### Provided data:
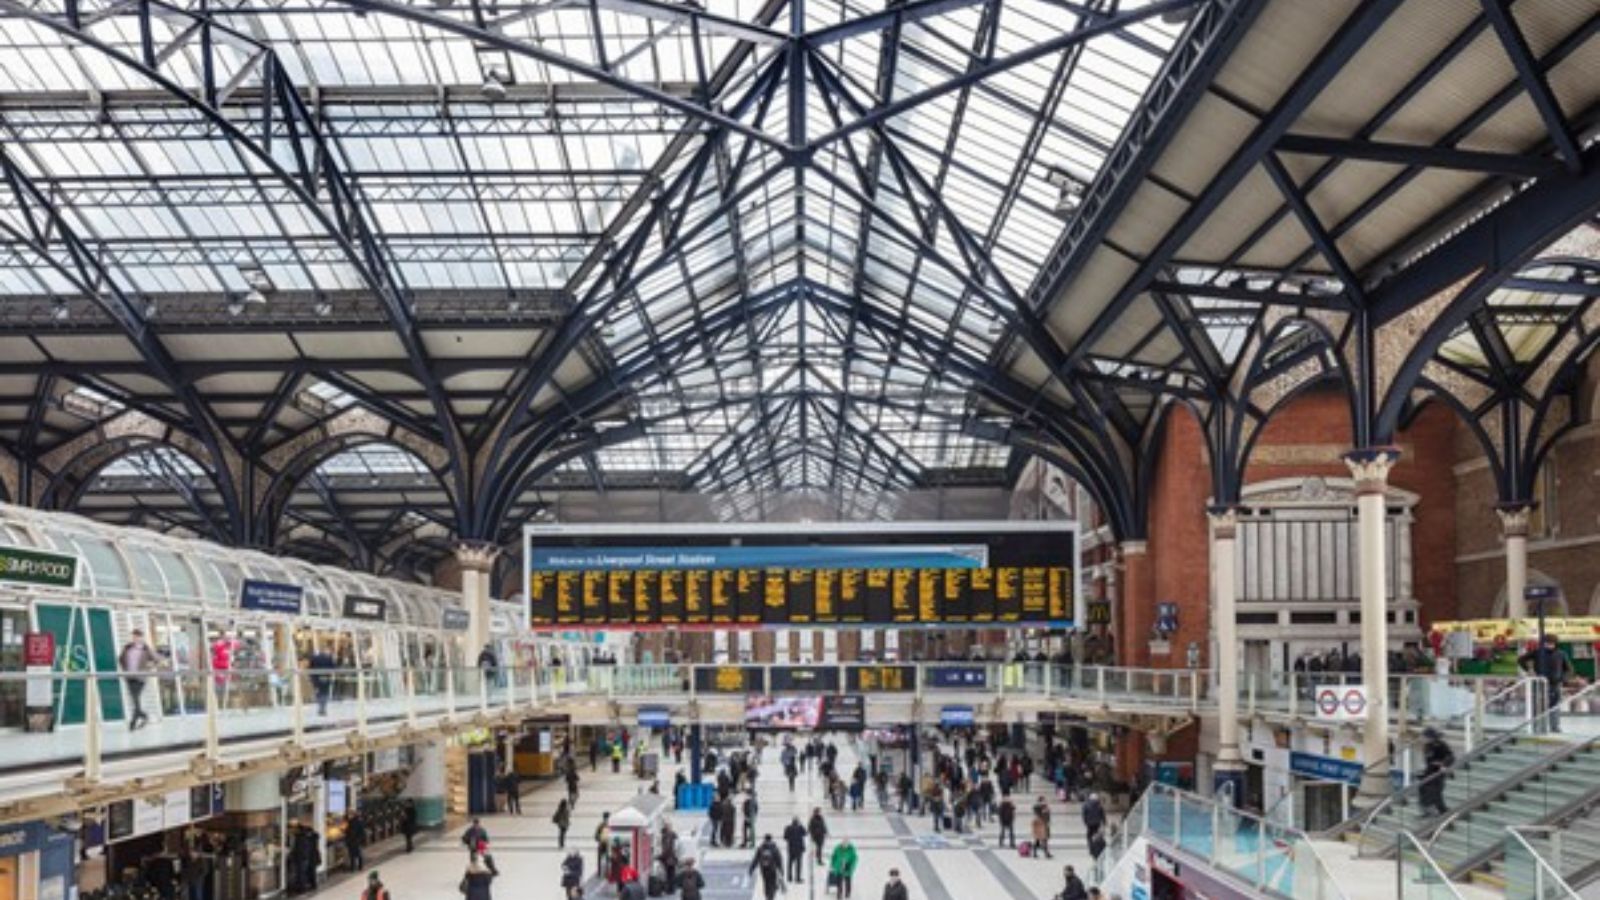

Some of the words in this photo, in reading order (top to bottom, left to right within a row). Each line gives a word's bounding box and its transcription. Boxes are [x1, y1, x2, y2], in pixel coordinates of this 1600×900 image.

[549, 556, 584, 567] Welcome
[597, 555, 644, 569] Liverpool
[645, 554, 675, 566] Street
[677, 554, 717, 566] Station

### Assignment:
Please print all the data above word for word. Pictures should not appear in the copy.

### Response to this exercise:
Some of the words in this photo, in reading order (top to bottom, left to right within a row). Each line gives a word's bounding box and its transcription. Boxes are [x1, y1, x2, y2], in pixel coordinates of this 1600×900 image.

[549, 556, 584, 567] Welcome
[597, 555, 644, 569] Liverpool
[645, 554, 675, 566] Street
[677, 554, 717, 566] Station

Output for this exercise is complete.